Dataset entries
Segment Open
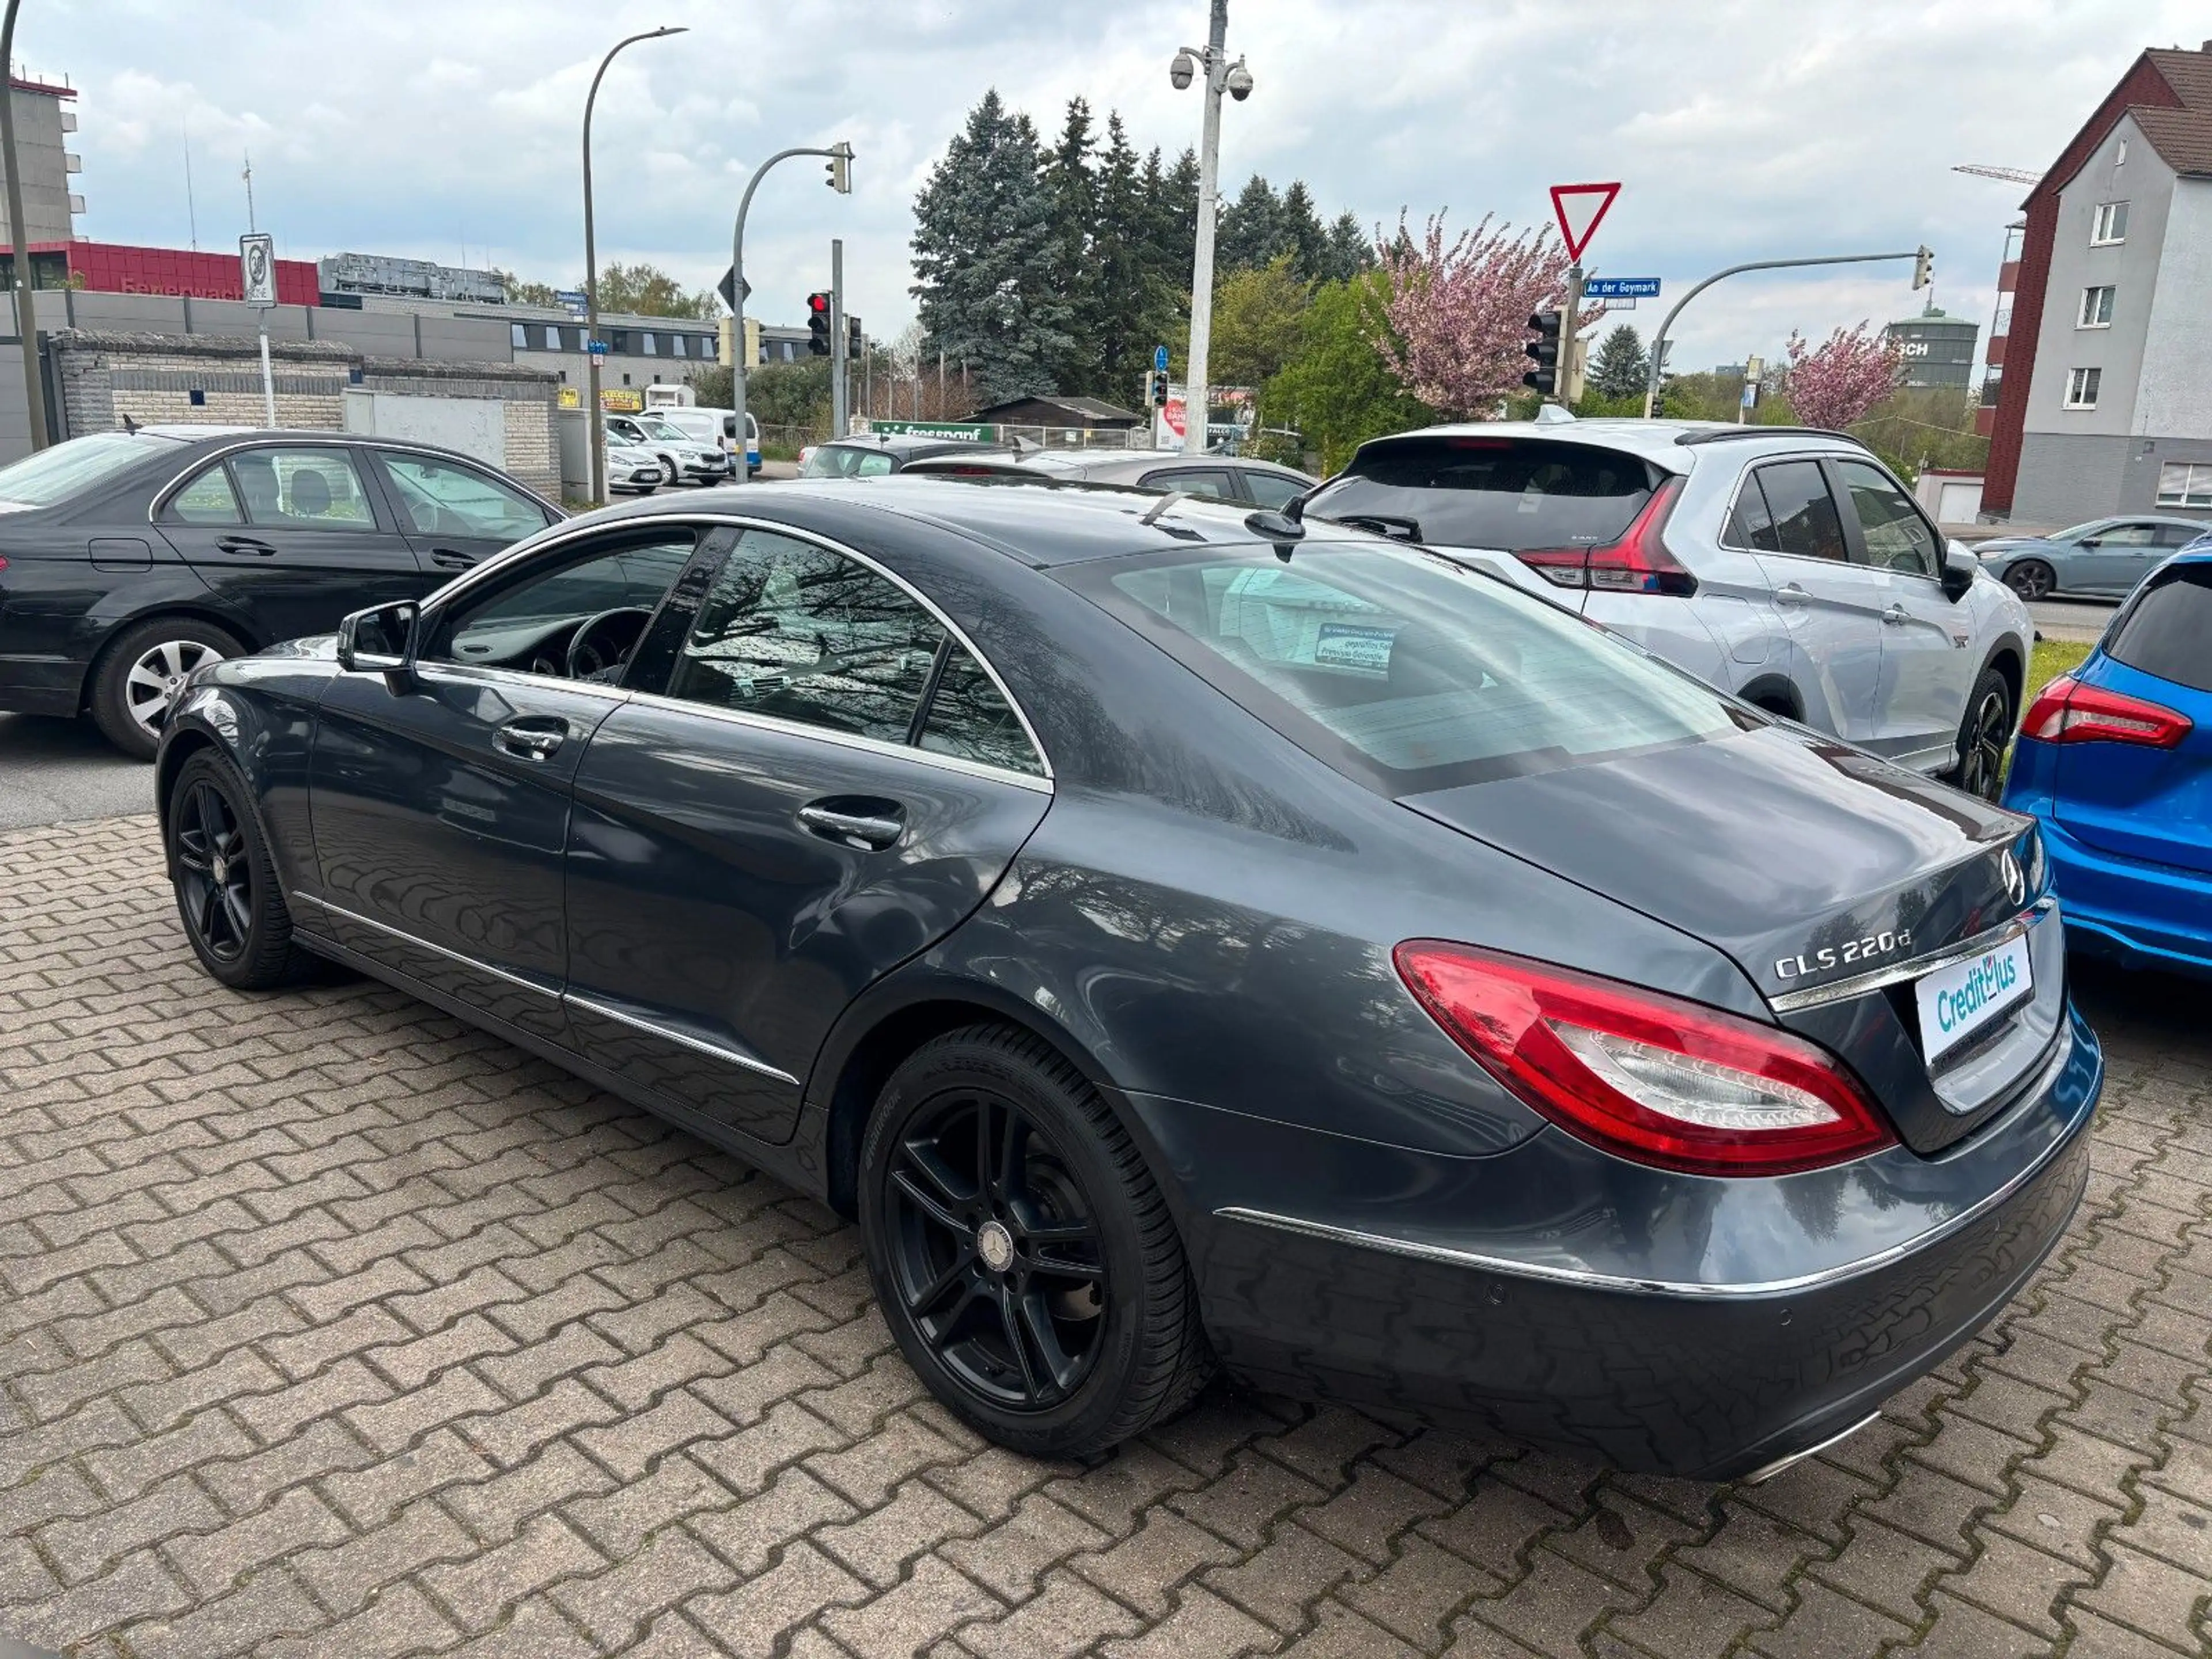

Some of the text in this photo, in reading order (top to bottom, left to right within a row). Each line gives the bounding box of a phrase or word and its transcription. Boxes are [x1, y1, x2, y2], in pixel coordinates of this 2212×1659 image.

[1602, 282, 1616, 293] der
[1898, 343, 1929, 357] SCH
[1775, 948, 1836, 980] CLS
[1938, 954, 2016, 1032] CreditPlus
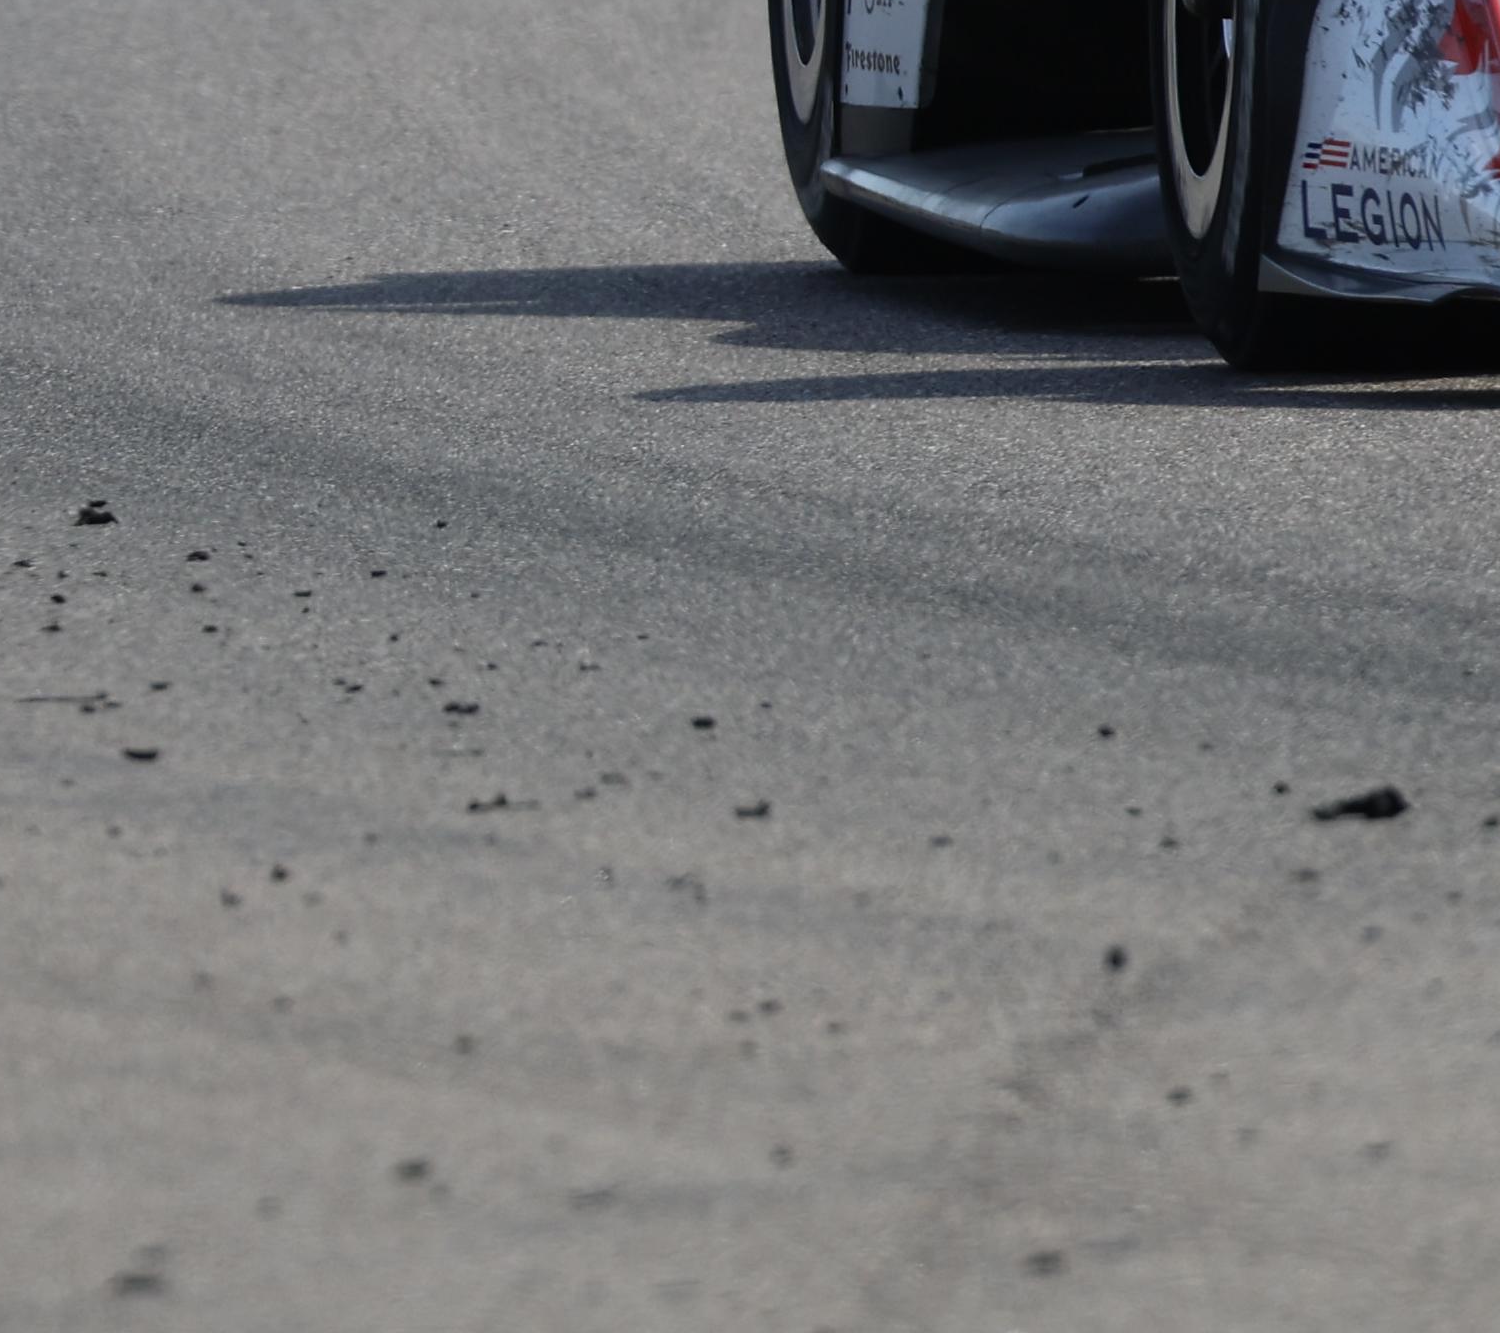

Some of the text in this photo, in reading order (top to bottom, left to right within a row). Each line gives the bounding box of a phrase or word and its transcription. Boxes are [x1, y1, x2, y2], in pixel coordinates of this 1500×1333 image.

[845, 41, 901, 75] Firestone
[1349, 139, 1440, 180] AMERICAN
[1301, 179, 1446, 253] LEGION
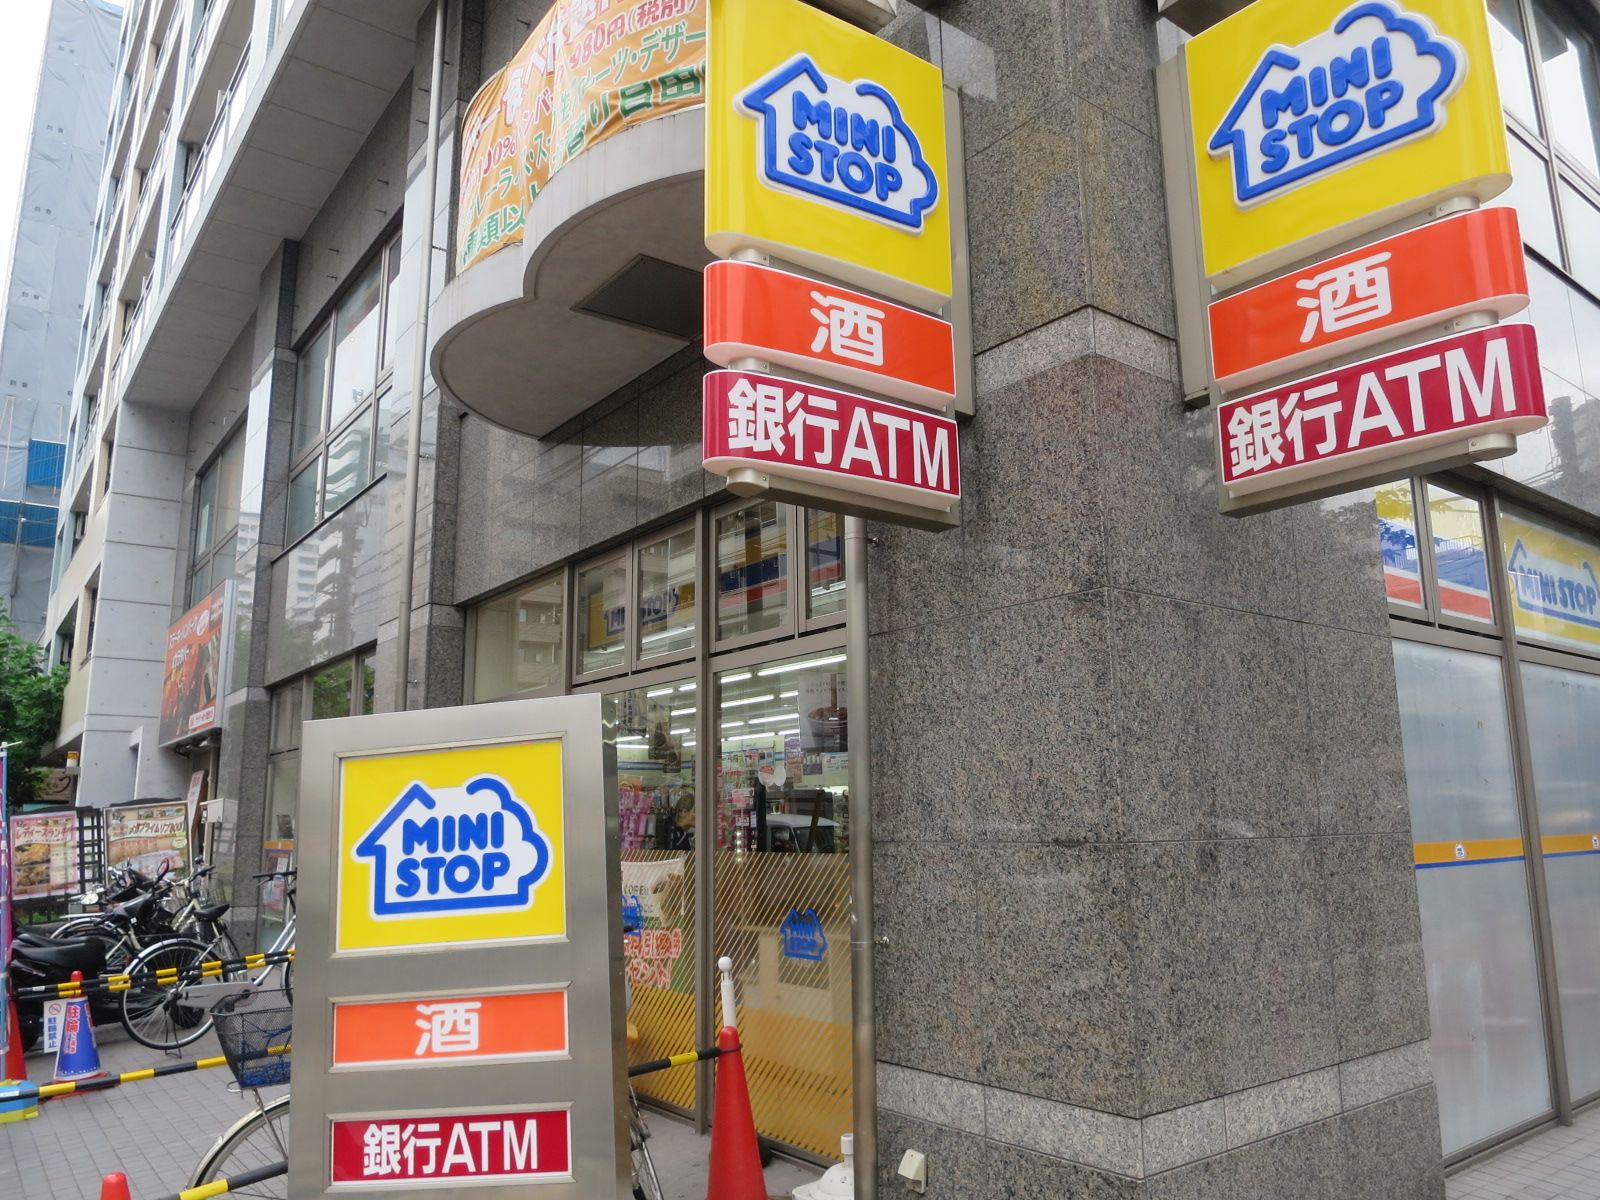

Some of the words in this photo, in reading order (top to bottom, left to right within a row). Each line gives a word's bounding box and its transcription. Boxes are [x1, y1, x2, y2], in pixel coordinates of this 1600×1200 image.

[1260, 36, 1392, 130] MINI
[792, 91, 896, 163] MINI
[1260, 80, 1404, 174] STOP
[788, 132, 903, 201] STOP
[810, 290, 885, 366] 酒
[1296, 251, 1392, 343] 酒
[727, 378, 951, 490] 銀行ATM
[1227, 338, 1516, 478] 銀行ATM
[1558, 576, 1598, 615] STOP
[402, 811, 504, 856] MINI
[396, 852, 510, 898] STOP
[415, 1001, 482, 1056] 酒
[363, 1118, 538, 1176] 銀行ATM
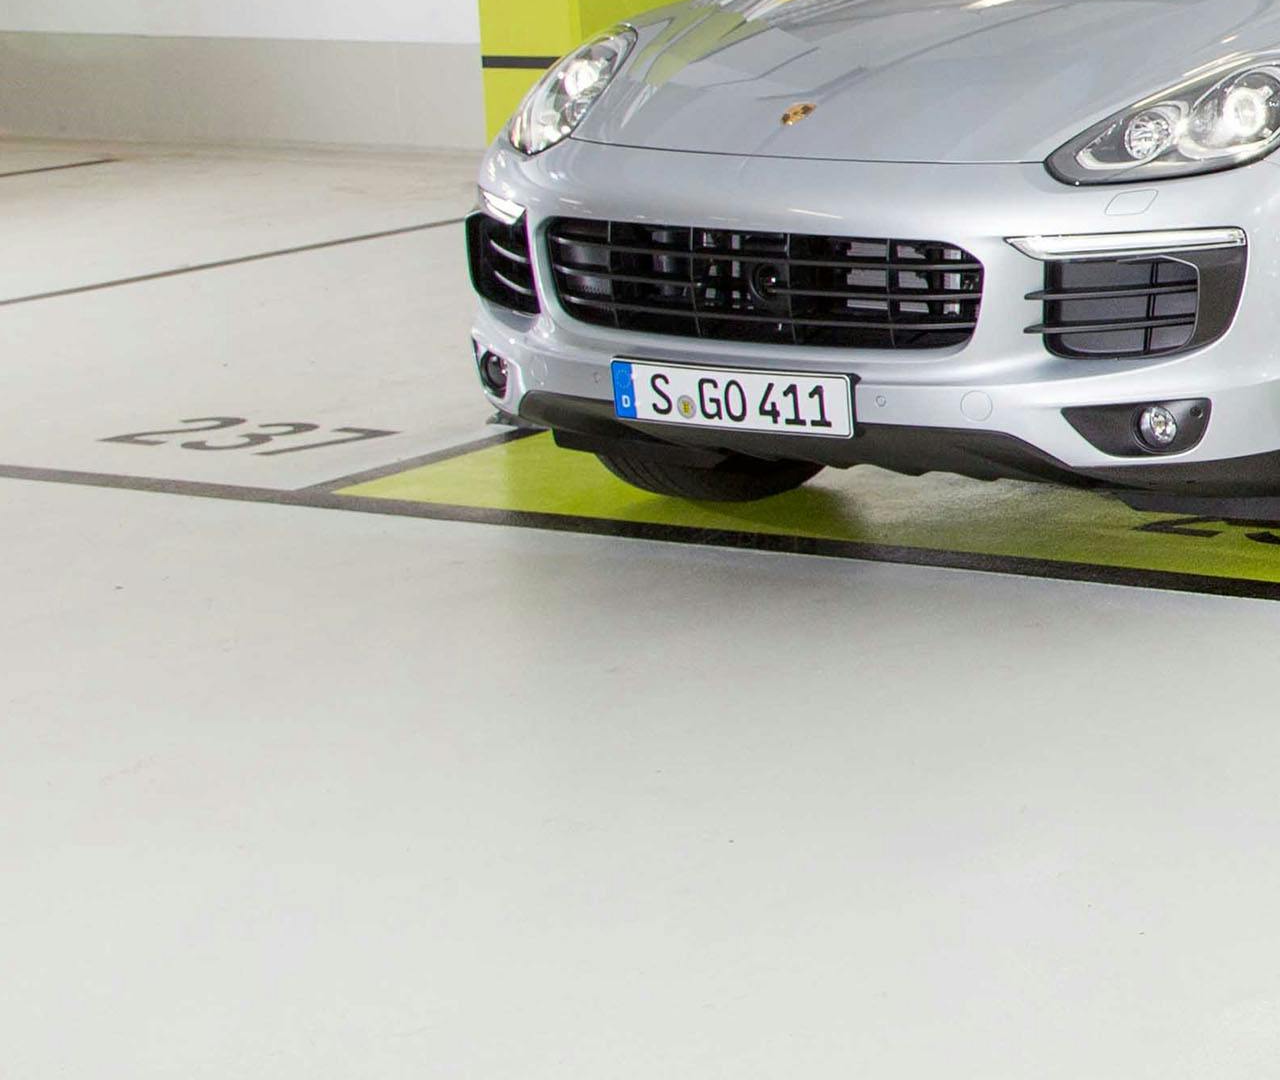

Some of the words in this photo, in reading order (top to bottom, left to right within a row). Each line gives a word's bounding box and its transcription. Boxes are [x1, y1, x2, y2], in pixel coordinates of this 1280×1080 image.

[621, 395, 631, 408] D
[651, 373, 673, 415] S
[698, 378, 747, 423] GO
[759, 382, 832, 428] 411
[96, 416, 403, 456] 237
Segment Closed
§ **What is needed**:
Please transcribe exactly the line containing "this 1500×1333 image." and every later line through the end of the records above, omitting pictures.

§ **Task response**:
Some of the text in this photo, in reading order (top to bottom, left to right within a row). Each line gives the bounding box of a phrase or word and its transcription. Boxes are [x1, y1, x2, y2], in pixel coordinates of this 1500×1333 image.

[845, 41, 901, 75] Firestone
[1349, 139, 1440, 180] AMERICAN
[1301, 179, 1446, 253] LEGION

Some of the words in this photo, in reading order (top to bottom, left to right within a row). Each line gives a word's bounding box and its transcription. Boxes are [x1, y1, x2, y2], in pixel coordinates of this 1600×1200 image.

[1260, 36, 1392, 130] MINI
[792, 91, 896, 163] MINI
[1260, 80, 1404, 174] STOP
[788, 132, 903, 201] STOP
[810, 290, 885, 366] 酒
[1296, 251, 1392, 343] 酒
[727, 378, 951, 490] 銀行ATM
[1227, 338, 1516, 478] 銀行ATM
[1558, 576, 1598, 615] STOP
[402, 811, 504, 856] MINI
[396, 852, 510, 898] STOP
[415, 1001, 482, 1056] 酒
[363, 1118, 538, 1176] 銀行ATM

Some of the words in this photo, in reading order (top to bottom, left to right within a row). Each line gives a word's bounding box and its transcription. Boxes are [x1, y1, x2, y2], in pixel coordinates of this 1280×1080 image.

[621, 395, 631, 408] D
[651, 373, 673, 415] S
[698, 378, 747, 423] GO
[759, 382, 832, 428] 411
[96, 416, 403, 456] 237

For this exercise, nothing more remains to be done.